*** Opening of Source data ***

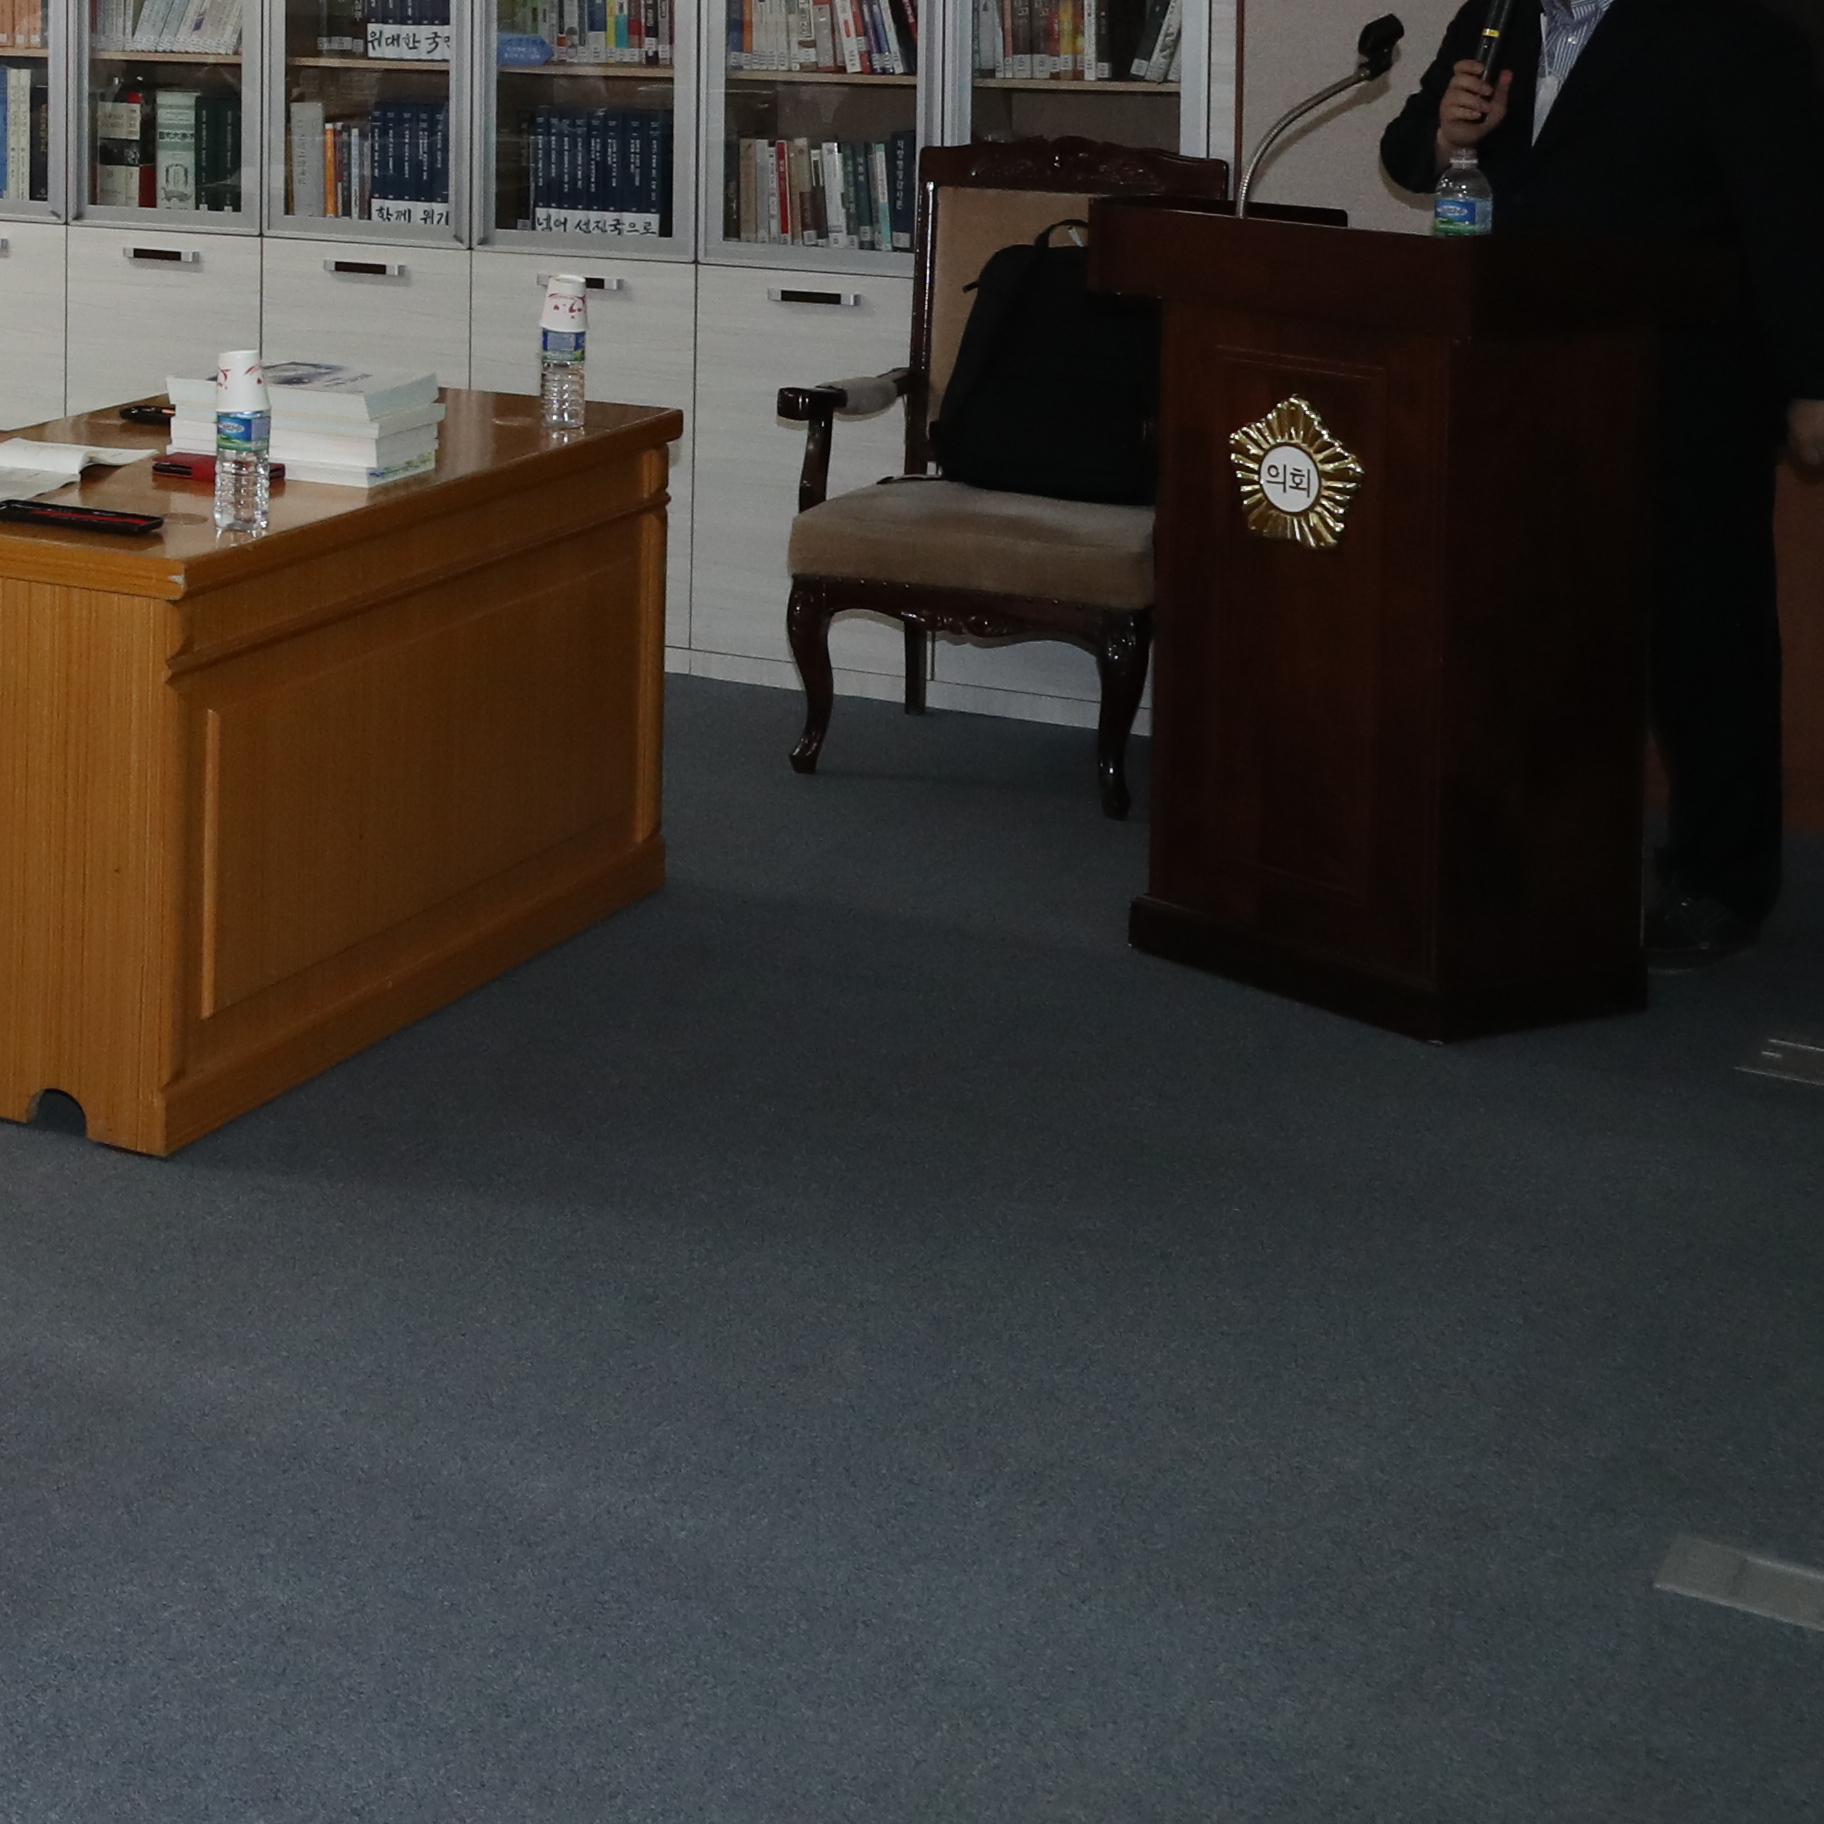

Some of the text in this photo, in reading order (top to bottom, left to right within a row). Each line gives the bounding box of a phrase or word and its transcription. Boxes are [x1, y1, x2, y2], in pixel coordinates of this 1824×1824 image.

[367, 30, 421, 51] 위대한
[375, 205, 449, 226] 함께 위기
[574, 218, 657, 235] 선진국으로
[1266, 463, 1311, 498] 의회

*** Close of Source data ***

→ **What to do**
No picture belongs in the copy. Print every entry above exactly as it stands.

→ **Exercise output**
Some of the text in this photo, in reading order (top to bottom, left to right within a row). Each line gives the bounding box of a phrase or word and its transcription. Boxes are [x1, y1, x2, y2], in pixel coordinates of this 1824×1824 image.

[367, 30, 421, 51] 위대한
[375, 205, 449, 226] 함께 위기
[574, 218, 657, 235] 선진국으로
[1266, 463, 1311, 498] 의회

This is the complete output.